* Assigned task *
Each of the entries should be retyped precisely as it appears.

* Extracted data *
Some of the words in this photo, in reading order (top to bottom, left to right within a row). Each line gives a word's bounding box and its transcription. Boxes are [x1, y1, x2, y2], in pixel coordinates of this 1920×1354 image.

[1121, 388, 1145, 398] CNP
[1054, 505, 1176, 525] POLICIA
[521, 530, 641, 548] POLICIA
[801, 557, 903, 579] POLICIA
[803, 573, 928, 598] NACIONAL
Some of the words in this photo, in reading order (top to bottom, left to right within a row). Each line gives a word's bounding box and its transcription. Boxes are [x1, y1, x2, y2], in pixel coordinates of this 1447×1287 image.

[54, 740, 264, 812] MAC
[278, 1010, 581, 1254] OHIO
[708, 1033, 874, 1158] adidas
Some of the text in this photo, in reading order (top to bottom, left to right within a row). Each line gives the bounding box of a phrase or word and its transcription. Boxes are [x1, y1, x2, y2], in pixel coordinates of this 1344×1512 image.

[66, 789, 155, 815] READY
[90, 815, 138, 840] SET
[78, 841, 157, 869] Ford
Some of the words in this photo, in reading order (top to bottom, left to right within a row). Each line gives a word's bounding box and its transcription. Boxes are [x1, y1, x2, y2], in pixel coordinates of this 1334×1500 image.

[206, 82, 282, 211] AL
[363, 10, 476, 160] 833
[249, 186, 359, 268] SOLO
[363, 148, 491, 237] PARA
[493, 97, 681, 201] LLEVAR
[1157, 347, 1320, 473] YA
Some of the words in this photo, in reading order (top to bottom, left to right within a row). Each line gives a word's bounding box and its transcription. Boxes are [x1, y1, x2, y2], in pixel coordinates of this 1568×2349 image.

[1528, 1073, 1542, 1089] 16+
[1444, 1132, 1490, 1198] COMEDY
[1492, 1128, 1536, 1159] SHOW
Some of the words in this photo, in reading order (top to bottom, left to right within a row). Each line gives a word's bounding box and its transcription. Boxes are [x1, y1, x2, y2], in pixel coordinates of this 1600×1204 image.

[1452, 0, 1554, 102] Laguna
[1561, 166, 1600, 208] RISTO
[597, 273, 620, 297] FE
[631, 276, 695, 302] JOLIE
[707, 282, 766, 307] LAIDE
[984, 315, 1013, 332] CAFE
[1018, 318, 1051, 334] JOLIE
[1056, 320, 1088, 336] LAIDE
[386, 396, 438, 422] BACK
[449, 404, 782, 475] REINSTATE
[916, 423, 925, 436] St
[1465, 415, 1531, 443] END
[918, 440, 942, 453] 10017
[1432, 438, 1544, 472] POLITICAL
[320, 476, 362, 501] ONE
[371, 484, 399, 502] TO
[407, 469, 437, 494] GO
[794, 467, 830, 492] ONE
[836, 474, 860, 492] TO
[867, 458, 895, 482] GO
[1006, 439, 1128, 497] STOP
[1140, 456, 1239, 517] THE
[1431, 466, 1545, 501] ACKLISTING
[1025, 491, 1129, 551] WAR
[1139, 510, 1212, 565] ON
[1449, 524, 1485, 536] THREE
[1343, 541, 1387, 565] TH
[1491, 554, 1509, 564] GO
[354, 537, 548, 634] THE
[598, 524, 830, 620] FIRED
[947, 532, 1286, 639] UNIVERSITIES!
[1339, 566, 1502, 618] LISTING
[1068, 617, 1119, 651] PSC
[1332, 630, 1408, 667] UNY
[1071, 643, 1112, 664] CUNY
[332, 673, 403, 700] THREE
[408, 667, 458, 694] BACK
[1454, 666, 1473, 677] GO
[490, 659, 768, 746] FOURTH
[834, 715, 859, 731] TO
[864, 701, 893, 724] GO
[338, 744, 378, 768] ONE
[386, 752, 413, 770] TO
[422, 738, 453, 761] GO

* Answer to the exercise *
Some of the words in this photo, in reading order (top to bottom, left to right within a row). Each line gives a word's bounding box and its transcription. Boxes are [x1, y1, x2, y2], in pixel coordinates of this 1920×1354 image.

[1121, 388, 1145, 398] CNP
[1054, 505, 1176, 525] POLICIA
[521, 530, 641, 548] POLICIA
[801, 557, 903, 579] POLICIA
[803, 573, 928, 598] NACIONAL
Some of the words in this photo, in reading order (top to bottom, left to right within a row). Each line gives a word's bounding box and its transcription. Boxes are [x1, y1, x2, y2], in pixel coordinates of this 1447×1287 image.

[54, 740, 264, 812] MAC
[278, 1010, 581, 1254] OHIO
[708, 1033, 874, 1158] adidas
Some of the text in this photo, in reading order (top to bottom, left to right within a row). Each line gives the bounding box of a phrase or word and its transcription. Boxes are [x1, y1, x2, y2], in pixel coordinates of this 1344×1512 image.

[66, 789, 155, 815] READY
[90, 815, 138, 840] SET
[78, 841, 157, 869] Ford
Some of the words in this photo, in reading order (top to bottom, left to right within a row). Each line gives a word's bounding box and its transcription. Boxes are [x1, y1, x2, y2], in pixel coordinates of this 1334×1500 image.

[206, 82, 282, 211] AL
[363, 10, 476, 160] 833
[249, 186, 359, 268] SOLO
[363, 148, 491, 237] PARA
[493, 97, 681, 201] LLEVAR
[1157, 347, 1320, 473] YA
Some of the words in this photo, in reading order (top to bottom, left to right within a row). Each line gives a word's bounding box and its transcription. Boxes are [x1, y1, x2, y2], in pixel coordinates of this 1568×2349 image.

[1528, 1073, 1542, 1089] 16+
[1444, 1132, 1490, 1198] COMEDY
[1492, 1128, 1536, 1159] SHOW
Some of the words in this photo, in reading order (top to bottom, left to right within a row). Each line gives a word's bounding box and its transcription. Boxes are [x1, y1, x2, y2], in pixel coordinates of this 1600×1204 image.

[1452, 0, 1554, 102] Laguna
[1561, 166, 1600, 208] RISTO
[597, 273, 620, 297] FE
[631, 276, 695, 302] JOLIE
[707, 282, 766, 307] LAIDE
[984, 315, 1013, 332] CAFE
[1018, 318, 1051, 334] JOLIE
[1056, 320, 1088, 336] LAIDE
[386, 396, 438, 422] BACK
[449, 404, 782, 475] REINSTATE
[916, 423, 925, 436] St
[1465, 415, 1531, 443] END
[918, 440, 942, 453] 10017
[1432, 438, 1544, 472] POLITICAL
[320, 476, 362, 501] ONE
[371, 484, 399, 502] TO
[407, 469, 437, 494] GO
[794, 467, 830, 492] ONE
[836, 474, 860, 492] TO
[867, 458, 895, 482] GO
[1006, 439, 1128, 497] STOP
[1140, 456, 1239, 517] THE
[1431, 466, 1545, 501] ACKLISTING
[1025, 491, 1129, 551] WAR
[1139, 510, 1212, 565] ON
[1449, 524, 1485, 536] THREE
[1343, 541, 1387, 565] TH
[1491, 554, 1509, 564] GO
[354, 537, 548, 634] THE
[598, 524, 830, 620] FIRED
[947, 532, 1286, 639] UNIVERSITIES!
[1339, 566, 1502, 618] LISTING
[1068, 617, 1119, 651] PSC
[1332, 630, 1408, 667] UNY
[1071, 643, 1112, 664] CUNY
[332, 673, 403, 700] THREE
[408, 667, 458, 694] BACK
[1454, 666, 1473, 677] GO
[490, 659, 768, 746] FOURTH
[834, 715, 859, 731] TO
[864, 701, 893, 724] GO
[338, 744, 378, 768] ONE
[386, 752, 413, 770] TO
[422, 738, 453, 761] GO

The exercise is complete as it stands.